[[ Materials provided open ]]

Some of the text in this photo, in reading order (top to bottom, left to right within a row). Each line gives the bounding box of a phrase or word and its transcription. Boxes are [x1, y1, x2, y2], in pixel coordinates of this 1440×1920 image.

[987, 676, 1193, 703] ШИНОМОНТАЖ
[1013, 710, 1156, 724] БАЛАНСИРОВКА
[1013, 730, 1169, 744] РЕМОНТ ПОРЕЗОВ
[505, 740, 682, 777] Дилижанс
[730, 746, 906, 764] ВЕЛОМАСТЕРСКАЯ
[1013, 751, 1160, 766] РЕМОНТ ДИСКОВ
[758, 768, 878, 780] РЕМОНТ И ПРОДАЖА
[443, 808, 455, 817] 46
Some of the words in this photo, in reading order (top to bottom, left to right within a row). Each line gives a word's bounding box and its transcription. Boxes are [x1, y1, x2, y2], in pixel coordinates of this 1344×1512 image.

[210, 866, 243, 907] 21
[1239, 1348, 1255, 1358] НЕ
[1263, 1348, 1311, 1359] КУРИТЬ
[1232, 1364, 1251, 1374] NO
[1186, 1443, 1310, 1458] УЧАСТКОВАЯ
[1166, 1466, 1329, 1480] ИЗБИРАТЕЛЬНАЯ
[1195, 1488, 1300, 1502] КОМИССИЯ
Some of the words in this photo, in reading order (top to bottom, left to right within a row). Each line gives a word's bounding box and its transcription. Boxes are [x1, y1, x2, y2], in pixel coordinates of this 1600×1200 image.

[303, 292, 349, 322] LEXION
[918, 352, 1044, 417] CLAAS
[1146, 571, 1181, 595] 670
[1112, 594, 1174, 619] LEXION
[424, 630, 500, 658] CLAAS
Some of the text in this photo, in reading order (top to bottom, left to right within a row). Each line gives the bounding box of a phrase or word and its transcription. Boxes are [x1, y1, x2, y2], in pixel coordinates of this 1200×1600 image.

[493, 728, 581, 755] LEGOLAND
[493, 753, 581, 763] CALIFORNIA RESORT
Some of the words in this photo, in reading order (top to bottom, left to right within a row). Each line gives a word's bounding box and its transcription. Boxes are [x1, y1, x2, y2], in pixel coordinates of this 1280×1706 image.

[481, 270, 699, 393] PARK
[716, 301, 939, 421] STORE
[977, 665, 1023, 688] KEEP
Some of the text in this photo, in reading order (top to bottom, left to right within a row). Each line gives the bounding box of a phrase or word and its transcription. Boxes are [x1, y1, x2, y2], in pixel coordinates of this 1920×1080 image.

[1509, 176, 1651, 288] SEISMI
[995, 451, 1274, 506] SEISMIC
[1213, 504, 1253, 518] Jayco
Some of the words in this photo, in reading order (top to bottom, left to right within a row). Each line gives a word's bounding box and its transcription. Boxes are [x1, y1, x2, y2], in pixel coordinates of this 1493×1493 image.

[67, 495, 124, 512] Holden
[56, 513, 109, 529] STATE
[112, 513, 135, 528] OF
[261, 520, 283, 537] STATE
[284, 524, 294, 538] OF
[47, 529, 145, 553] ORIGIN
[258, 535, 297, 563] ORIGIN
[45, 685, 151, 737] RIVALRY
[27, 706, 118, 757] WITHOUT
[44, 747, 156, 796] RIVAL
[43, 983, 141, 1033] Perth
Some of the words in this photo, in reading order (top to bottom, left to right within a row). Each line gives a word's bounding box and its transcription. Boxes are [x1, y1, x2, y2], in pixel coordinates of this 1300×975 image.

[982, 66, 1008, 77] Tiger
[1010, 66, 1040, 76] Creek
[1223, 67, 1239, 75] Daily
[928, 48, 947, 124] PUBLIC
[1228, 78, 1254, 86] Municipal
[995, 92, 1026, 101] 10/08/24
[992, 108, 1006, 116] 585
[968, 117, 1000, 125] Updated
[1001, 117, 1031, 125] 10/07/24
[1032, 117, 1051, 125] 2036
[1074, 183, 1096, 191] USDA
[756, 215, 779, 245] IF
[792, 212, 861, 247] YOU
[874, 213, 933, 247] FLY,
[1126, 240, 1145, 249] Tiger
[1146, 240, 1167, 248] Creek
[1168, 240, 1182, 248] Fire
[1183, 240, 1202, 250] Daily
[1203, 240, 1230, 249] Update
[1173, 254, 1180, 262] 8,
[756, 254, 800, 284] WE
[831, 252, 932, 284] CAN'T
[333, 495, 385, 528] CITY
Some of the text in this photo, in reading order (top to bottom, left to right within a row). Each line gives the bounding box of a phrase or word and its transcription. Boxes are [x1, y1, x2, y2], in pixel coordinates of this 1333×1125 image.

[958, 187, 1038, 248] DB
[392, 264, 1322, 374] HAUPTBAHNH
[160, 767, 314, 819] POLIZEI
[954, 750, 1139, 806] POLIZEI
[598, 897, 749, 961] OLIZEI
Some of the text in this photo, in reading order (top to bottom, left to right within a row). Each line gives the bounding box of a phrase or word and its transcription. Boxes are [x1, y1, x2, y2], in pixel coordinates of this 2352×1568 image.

[[ Materials provided closed ]]

§ To do
Each entry above is to be written out exactly.

§ Completed task
Some of the text in this photo, in reading order (top to bottom, left to right within a row). Each line gives the bounding box of a phrase or word and its transcription. Boxes are [x1, y1, x2, y2], in pixel coordinates of this 1440×1920 image.

[987, 676, 1193, 703] ШИНОМОНТАЖ
[1013, 710, 1156, 724] БАЛАНСИРОВКА
[1013, 730, 1169, 744] РЕМОНТ ПОРЕЗОВ
[505, 740, 682, 777] Дилижанс
[730, 746, 906, 764] ВЕЛОМАСТЕРСКАЯ
[1013, 751, 1160, 766] РЕМОНТ ДИСКОВ
[758, 768, 878, 780] РЕМОНТ И ПРОДАЖА
[443, 808, 455, 817] 46
Some of the words in this photo, in reading order (top to bottom, left to right within a row). Each line gives a word's bounding box and its transcription. Boxes are [x1, y1, x2, y2], in pixel coordinates of this 1344×1512 image.

[210, 866, 243, 907] 21
[1239, 1348, 1255, 1358] НЕ
[1263, 1348, 1311, 1359] КУРИТЬ
[1232, 1364, 1251, 1374] NO
[1186, 1443, 1310, 1458] УЧАСТКОВАЯ
[1166, 1466, 1329, 1480] ИЗБИРАТЕЛЬНАЯ
[1195, 1488, 1300, 1502] КОМИССИЯ
Some of the words in this photo, in reading order (top to bottom, left to right within a row). Each line gives a word's bounding box and its transcription. Boxes are [x1, y1, x2, y2], in pixel coordinates of this 1600×1200 image.

[303, 292, 349, 322] LEXION
[918, 352, 1044, 417] CLAAS
[1146, 571, 1181, 595] 670
[1112, 594, 1174, 619] LEXION
[424, 630, 500, 658] CLAAS
Some of the text in this photo, in reading order (top to bottom, left to right within a row). Each line gives the bounding box of a phrase or word and its transcription. Boxes are [x1, y1, x2, y2], in pixel coordinates of this 1200×1600 image.

[493, 728, 581, 755] LEGOLAND
[493, 753, 581, 763] CALIFORNIA RESORT
Some of the words in this photo, in reading order (top to bottom, left to right within a row). Each line gives a word's bounding box and its transcription. Boxes are [x1, y1, x2, y2], in pixel coordinates of this 1280×1706 image.

[481, 270, 699, 393] PARK
[716, 301, 939, 421] STORE
[977, 665, 1023, 688] KEEP
Some of the text in this photo, in reading order (top to bottom, left to right within a row). Each line gives the bounding box of a phrase or word and its transcription. Boxes are [x1, y1, x2, y2], in pixel coordinates of this 1920×1080 image.

[1509, 176, 1651, 288] SEISMI
[995, 451, 1274, 506] SEISMIC
[1213, 504, 1253, 518] Jayco
Some of the words in this photo, in reading order (top to bottom, left to right within a row). Each line gives a word's bounding box and its transcription. Boxes are [x1, y1, x2, y2], in pixel coordinates of this 1493×1493 image.

[67, 495, 124, 512] Holden
[56, 513, 109, 529] STATE
[112, 513, 135, 528] OF
[261, 520, 283, 537] STATE
[284, 524, 294, 538] OF
[47, 529, 145, 553] ORIGIN
[258, 535, 297, 563] ORIGIN
[45, 685, 151, 737] RIVALRY
[27, 706, 118, 757] WITHOUT
[44, 747, 156, 796] RIVAL
[43, 983, 141, 1033] Perth
Some of the words in this photo, in reading order (top to bottom, left to right within a row). Each line gives a word's bounding box and its transcription. Boxes are [x1, y1, x2, y2], in pixel coordinates of this 1300×975 image.

[982, 66, 1008, 77] Tiger
[1010, 66, 1040, 76] Creek
[1223, 67, 1239, 75] Daily
[928, 48, 947, 124] PUBLIC
[1228, 78, 1254, 86] Municipal
[995, 92, 1026, 101] 10/08/24
[992, 108, 1006, 116] 585
[968, 117, 1000, 125] Updated
[1001, 117, 1031, 125] 10/07/24
[1032, 117, 1051, 125] 2036
[1074, 183, 1096, 191] USDA
[756, 215, 779, 245] IF
[792, 212, 861, 247] YOU
[874, 213, 933, 247] FLY,
[1126, 240, 1145, 249] Tiger
[1146, 240, 1167, 248] Creek
[1168, 240, 1182, 248] Fire
[1183, 240, 1202, 250] Daily
[1203, 240, 1230, 249] Update
[1173, 254, 1180, 262] 8,
[756, 254, 800, 284] WE
[831, 252, 932, 284] CAN'T
[333, 495, 385, 528] CITY
Some of the text in this photo, in reading order (top to bottom, left to right within a row). Each line gives the bounding box of a phrase or word and its transcription. Boxes are [x1, y1, x2, y2], in pixel coordinates of this 1333×1125 image.

[958, 187, 1038, 248] DB
[392, 264, 1322, 374] HAUPTBAHNH
[160, 767, 314, 819] POLIZEI
[954, 750, 1139, 806] POLIZEI
[598, 897, 749, 961] OLIZEI
Some of the text in this photo, in reading order (top to bottom, left to right within a row). Each line gives the bounding box of a phrase or word and its transcription. Boxes are [x1, y1, x2, y2], in pixel coordinates of this 2352×1568 image.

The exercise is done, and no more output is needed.